Stored entries
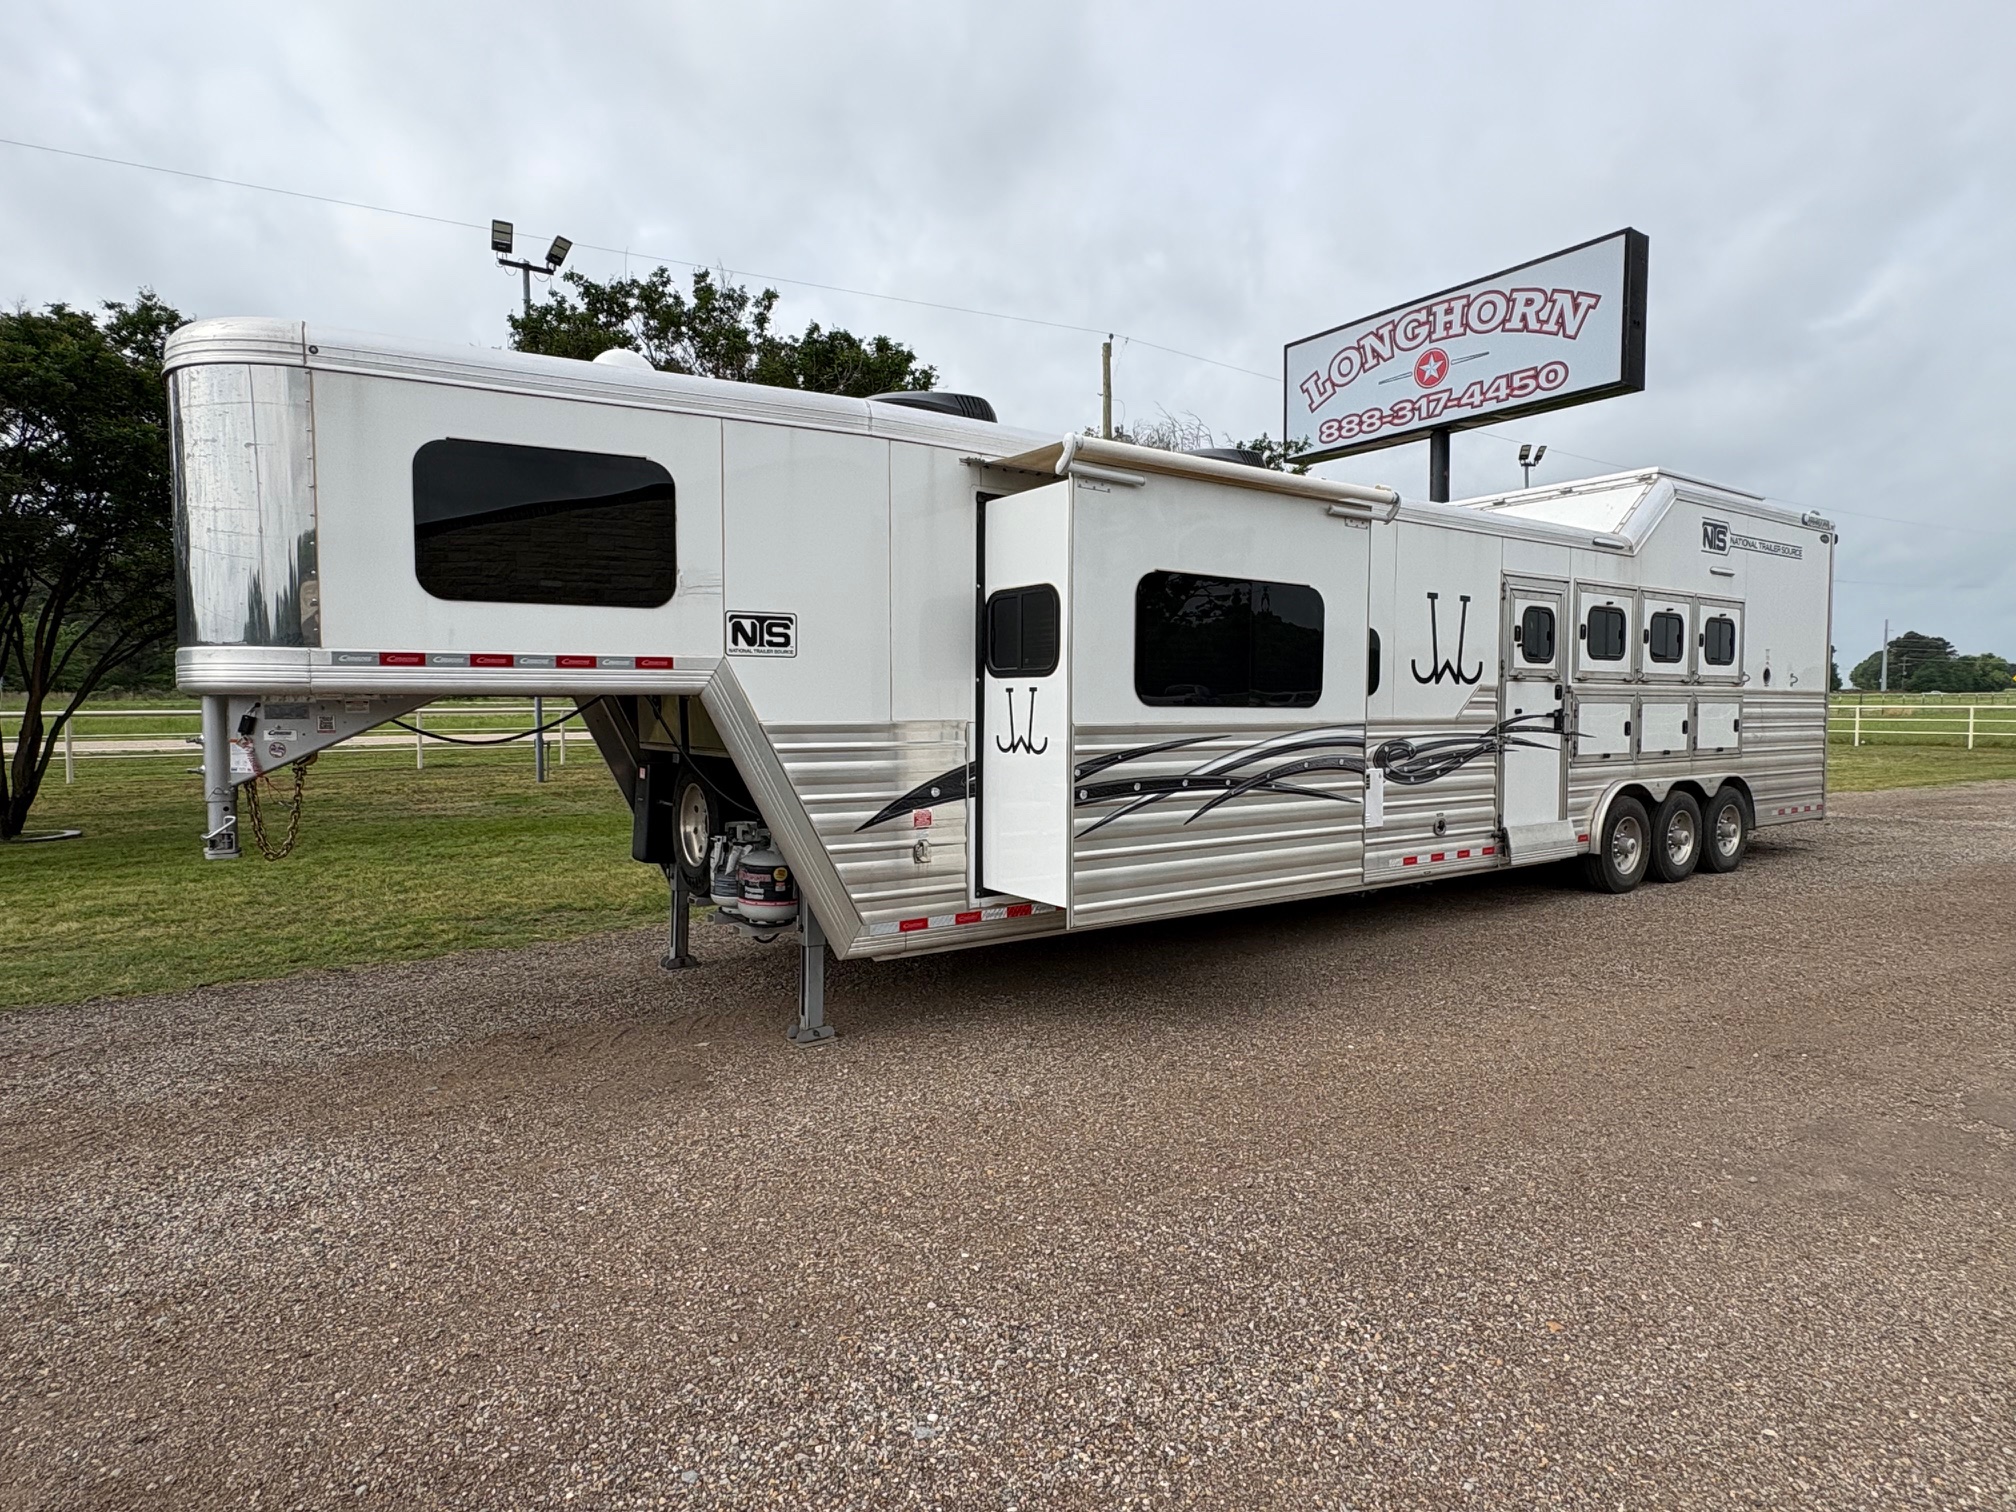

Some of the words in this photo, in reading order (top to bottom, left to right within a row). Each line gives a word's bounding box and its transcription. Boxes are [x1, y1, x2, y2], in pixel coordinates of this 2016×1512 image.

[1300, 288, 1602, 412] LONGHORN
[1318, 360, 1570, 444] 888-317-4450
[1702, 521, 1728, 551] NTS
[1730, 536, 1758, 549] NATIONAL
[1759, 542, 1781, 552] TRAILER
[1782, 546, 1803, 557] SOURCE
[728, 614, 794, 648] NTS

**TASK GOAL**
When an image appears in the data, skip it and output the rest exactly.

**TASK RESULT**
Some of the words in this photo, in reading order (top to bottom, left to right within a row). Each line gives a word's bounding box and its transcription. Boxes are [x1, y1, x2, y2], in pixel coordinates of this 2016×1512 image.

[1300, 288, 1602, 412] LONGHORN
[1318, 360, 1570, 444] 888-317-4450
[1702, 521, 1728, 551] NTS
[1730, 536, 1758, 549] NATIONAL
[1759, 542, 1781, 552] TRAILER
[1782, 546, 1803, 557] SOURCE
[728, 614, 794, 648] NTS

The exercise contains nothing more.